The world's oldest political party set an all-time record Tuesday night, with 12 presidential candidates on a single stage in Westerville, Ohio. That's a suburb of Columbus, the fastest-growing big metro area in the Midwest, in Franklin County, which voted Republican in every presidential election but one for a half century (1944-92) but has voted Democratic in the six elections since.

It's an apt location for a party increasingly dependent on and dominated by white college-graduate voters, even as it has lost ground in heartland factory towns and blue-collar precincts.

As I argue in my just-published book, "How America's Political Parties Change (And How They Don't)," the Democratic Party has, since its founding in 1832, been a coalition of out-groups, of people who are considered atypical Americans but can, if they stick together, be a national majority.

But holding these disparate groups together can be tricky, since they often disagree on important issues. Poignant example: flailing candidate Beto O'Rourke's insistence on denying tax exemptions to churches that don't support same-sex marriage.

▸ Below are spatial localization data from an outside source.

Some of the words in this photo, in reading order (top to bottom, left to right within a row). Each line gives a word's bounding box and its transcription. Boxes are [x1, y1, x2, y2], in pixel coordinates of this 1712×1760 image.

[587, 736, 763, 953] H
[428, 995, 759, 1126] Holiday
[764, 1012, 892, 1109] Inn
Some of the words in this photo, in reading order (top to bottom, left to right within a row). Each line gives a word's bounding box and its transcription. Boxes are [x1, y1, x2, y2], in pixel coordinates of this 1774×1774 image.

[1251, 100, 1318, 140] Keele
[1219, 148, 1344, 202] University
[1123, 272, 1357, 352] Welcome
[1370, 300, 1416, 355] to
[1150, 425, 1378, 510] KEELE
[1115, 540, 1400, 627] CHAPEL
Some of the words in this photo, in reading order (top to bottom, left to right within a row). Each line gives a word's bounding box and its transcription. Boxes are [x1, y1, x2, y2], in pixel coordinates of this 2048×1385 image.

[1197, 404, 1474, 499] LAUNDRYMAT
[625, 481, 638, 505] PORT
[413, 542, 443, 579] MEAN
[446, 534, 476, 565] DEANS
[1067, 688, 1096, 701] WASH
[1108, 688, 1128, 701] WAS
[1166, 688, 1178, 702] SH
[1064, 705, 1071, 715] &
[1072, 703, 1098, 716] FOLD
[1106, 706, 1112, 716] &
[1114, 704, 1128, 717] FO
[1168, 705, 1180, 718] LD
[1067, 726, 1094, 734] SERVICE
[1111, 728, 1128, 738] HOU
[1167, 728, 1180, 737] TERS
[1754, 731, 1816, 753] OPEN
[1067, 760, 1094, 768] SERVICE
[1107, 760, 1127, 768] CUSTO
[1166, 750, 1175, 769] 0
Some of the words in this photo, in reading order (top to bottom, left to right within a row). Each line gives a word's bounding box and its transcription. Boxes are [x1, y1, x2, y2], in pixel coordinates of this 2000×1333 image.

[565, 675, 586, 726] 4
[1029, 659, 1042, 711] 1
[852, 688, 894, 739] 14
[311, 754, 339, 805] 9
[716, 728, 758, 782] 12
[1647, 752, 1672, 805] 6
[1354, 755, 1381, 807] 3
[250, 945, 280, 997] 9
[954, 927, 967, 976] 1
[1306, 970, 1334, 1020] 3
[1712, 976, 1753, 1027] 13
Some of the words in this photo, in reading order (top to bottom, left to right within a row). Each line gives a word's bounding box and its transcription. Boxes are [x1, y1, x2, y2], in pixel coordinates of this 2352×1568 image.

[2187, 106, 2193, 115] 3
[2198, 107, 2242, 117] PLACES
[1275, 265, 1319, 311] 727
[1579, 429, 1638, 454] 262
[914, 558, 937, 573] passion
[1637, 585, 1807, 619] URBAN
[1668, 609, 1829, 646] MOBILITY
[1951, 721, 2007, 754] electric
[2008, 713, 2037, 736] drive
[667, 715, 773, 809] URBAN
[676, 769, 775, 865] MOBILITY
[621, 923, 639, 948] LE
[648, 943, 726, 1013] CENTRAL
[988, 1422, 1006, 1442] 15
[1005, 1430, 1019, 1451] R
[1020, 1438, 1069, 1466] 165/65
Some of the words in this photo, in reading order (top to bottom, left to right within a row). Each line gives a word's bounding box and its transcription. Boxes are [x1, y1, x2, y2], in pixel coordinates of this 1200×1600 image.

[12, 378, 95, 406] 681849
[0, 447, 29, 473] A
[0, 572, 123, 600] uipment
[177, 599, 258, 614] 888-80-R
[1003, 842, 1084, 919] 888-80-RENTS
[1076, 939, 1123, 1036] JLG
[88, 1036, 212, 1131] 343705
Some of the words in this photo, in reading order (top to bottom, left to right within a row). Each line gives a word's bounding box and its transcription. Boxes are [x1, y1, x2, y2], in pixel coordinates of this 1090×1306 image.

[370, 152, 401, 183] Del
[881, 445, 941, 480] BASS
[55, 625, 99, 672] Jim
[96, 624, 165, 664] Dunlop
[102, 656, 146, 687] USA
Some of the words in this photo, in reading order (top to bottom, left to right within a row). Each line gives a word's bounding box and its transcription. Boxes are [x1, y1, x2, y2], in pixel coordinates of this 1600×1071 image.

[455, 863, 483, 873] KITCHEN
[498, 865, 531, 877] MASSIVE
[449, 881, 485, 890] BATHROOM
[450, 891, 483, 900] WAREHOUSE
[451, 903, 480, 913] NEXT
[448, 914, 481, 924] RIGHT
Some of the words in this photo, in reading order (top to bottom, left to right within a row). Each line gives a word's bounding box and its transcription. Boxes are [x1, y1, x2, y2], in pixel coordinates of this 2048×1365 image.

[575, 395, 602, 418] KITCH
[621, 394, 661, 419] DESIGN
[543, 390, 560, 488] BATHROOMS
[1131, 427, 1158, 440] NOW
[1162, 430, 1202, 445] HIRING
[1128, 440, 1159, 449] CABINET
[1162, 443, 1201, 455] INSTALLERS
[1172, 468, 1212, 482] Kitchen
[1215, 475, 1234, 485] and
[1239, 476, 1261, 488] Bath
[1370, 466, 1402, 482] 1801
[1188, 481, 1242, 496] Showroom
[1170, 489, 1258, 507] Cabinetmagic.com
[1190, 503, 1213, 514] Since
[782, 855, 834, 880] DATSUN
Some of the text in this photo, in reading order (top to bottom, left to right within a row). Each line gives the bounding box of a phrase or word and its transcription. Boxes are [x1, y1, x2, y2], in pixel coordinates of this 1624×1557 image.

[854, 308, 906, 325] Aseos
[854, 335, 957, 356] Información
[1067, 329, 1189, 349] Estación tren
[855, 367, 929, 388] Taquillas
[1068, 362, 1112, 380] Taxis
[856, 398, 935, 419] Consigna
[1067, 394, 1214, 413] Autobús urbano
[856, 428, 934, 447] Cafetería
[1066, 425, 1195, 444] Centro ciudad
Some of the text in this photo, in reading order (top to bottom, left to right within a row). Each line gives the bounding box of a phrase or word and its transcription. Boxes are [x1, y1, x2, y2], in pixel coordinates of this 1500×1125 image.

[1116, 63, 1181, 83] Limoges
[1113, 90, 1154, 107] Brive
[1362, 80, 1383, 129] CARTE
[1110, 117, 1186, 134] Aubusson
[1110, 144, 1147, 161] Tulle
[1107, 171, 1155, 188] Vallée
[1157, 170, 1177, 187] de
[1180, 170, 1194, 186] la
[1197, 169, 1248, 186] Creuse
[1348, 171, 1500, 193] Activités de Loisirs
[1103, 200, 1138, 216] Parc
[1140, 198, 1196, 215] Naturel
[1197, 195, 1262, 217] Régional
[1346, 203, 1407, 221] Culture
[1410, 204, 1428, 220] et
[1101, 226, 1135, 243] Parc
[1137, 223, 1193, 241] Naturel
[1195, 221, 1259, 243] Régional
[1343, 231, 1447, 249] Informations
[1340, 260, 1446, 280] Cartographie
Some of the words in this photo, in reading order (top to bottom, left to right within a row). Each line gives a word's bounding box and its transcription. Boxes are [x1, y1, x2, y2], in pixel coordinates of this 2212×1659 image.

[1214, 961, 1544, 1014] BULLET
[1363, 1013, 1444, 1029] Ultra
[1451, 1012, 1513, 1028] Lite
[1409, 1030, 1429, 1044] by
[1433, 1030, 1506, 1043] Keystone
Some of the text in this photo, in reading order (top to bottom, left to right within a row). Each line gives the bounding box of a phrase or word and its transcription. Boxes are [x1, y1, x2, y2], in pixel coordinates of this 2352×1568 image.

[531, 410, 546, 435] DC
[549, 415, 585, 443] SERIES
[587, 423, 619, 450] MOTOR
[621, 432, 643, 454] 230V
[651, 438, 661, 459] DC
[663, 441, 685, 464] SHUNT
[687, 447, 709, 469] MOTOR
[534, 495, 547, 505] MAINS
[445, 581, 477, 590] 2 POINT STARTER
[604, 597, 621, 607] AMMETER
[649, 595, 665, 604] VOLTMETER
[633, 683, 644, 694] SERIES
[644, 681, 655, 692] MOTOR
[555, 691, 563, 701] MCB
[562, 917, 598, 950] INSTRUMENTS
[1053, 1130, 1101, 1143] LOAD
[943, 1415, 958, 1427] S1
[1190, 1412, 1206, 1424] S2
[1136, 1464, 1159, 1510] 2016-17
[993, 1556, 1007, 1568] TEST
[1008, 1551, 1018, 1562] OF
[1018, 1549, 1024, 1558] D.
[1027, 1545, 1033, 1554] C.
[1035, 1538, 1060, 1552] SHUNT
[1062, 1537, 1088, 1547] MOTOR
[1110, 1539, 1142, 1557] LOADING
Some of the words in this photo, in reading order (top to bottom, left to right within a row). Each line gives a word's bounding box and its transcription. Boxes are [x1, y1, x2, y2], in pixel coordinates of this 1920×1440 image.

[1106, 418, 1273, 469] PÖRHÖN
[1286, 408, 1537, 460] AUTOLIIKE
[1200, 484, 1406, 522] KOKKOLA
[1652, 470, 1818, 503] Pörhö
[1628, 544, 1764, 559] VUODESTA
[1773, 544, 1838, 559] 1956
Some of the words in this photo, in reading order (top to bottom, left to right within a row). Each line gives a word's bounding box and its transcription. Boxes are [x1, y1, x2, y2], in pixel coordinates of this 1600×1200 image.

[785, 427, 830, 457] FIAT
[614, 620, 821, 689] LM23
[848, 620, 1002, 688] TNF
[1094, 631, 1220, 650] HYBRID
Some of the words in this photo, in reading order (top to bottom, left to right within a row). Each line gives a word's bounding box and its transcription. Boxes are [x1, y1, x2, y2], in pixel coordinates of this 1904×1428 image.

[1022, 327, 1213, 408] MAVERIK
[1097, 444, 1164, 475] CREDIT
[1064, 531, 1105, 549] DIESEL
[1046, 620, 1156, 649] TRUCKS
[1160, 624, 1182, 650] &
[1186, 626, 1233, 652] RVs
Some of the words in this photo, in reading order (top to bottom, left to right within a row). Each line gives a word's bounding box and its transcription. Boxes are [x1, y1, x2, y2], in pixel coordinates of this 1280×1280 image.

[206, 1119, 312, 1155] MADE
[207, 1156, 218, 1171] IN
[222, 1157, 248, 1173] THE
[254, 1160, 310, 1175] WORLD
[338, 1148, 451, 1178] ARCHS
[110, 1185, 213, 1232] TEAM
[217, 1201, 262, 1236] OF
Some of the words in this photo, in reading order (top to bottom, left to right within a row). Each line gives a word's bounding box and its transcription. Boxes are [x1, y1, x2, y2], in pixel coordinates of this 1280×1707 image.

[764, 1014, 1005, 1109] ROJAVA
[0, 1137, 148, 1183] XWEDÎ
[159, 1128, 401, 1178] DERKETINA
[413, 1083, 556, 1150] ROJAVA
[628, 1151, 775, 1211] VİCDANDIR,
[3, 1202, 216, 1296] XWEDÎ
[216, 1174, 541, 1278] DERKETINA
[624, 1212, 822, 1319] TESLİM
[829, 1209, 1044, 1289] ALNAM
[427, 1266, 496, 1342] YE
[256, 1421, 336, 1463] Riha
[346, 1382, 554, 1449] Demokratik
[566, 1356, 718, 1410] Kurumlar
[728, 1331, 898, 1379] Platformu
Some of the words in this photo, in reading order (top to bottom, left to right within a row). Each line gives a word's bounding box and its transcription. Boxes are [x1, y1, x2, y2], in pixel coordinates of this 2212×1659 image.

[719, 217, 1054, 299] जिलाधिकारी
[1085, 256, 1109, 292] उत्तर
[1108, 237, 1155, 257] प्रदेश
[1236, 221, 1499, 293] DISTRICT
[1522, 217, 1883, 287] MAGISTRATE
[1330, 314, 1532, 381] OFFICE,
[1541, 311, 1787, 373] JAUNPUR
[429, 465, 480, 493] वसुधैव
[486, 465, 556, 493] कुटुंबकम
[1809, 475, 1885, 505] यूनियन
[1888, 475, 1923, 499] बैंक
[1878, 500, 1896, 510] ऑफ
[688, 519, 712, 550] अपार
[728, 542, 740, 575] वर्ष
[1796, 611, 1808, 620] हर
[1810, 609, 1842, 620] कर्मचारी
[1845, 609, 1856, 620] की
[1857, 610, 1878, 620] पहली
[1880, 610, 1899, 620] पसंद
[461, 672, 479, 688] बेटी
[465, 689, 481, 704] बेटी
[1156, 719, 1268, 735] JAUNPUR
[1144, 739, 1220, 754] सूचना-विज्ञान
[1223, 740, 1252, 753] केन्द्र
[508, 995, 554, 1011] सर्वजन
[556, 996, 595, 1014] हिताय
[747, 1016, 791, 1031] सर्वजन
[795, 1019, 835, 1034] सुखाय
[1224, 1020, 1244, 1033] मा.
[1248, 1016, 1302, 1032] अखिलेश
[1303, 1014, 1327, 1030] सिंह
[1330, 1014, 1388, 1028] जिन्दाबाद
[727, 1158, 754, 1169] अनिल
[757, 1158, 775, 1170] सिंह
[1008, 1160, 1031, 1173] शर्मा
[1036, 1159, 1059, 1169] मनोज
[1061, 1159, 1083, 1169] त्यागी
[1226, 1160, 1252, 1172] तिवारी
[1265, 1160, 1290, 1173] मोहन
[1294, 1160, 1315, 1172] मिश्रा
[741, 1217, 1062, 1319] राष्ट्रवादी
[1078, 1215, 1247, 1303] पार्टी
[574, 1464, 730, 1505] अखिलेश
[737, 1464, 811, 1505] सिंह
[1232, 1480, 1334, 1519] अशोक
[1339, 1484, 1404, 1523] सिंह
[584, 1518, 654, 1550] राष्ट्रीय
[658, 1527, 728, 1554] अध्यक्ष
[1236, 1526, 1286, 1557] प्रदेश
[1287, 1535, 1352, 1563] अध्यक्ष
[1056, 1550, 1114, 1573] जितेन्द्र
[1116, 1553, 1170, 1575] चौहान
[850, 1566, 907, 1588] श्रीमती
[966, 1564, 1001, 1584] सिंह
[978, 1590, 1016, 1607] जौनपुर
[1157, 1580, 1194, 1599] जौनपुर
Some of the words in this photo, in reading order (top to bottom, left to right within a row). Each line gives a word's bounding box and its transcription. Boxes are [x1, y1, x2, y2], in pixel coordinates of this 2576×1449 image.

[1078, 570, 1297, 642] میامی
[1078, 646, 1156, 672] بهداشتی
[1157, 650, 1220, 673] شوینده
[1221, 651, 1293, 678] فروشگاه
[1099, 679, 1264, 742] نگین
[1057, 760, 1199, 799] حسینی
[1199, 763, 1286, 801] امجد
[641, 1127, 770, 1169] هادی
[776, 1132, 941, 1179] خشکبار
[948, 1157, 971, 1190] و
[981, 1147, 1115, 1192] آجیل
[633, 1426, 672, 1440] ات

That could close down lots of historically black churches, Orthodox synagogues and Muslim mosques. So you have a clear-cut disagreement between two overwhelmingly Democratic constituencies: secular-minded white college grads and traditionally religious black church members.

National Democrats, eager to include even splinter groups, concocted rules allowing candidates polling at only 2 percent on the debate stage -- which incentivizes those with little support to attack a front-runner. In the first three debates, the target was Joe Biden. In Westerville, it was Elizabeth Warren.

Warren's support comes disproportionately from white college grads, and her "I have a plan for that" proposals, while theoretically aimed at those with modest incomes, have appealed mostly to the upscale. But her specificity vanishes when it comes to the price tag for her version of Bernie Sanders' original "Medicare for All."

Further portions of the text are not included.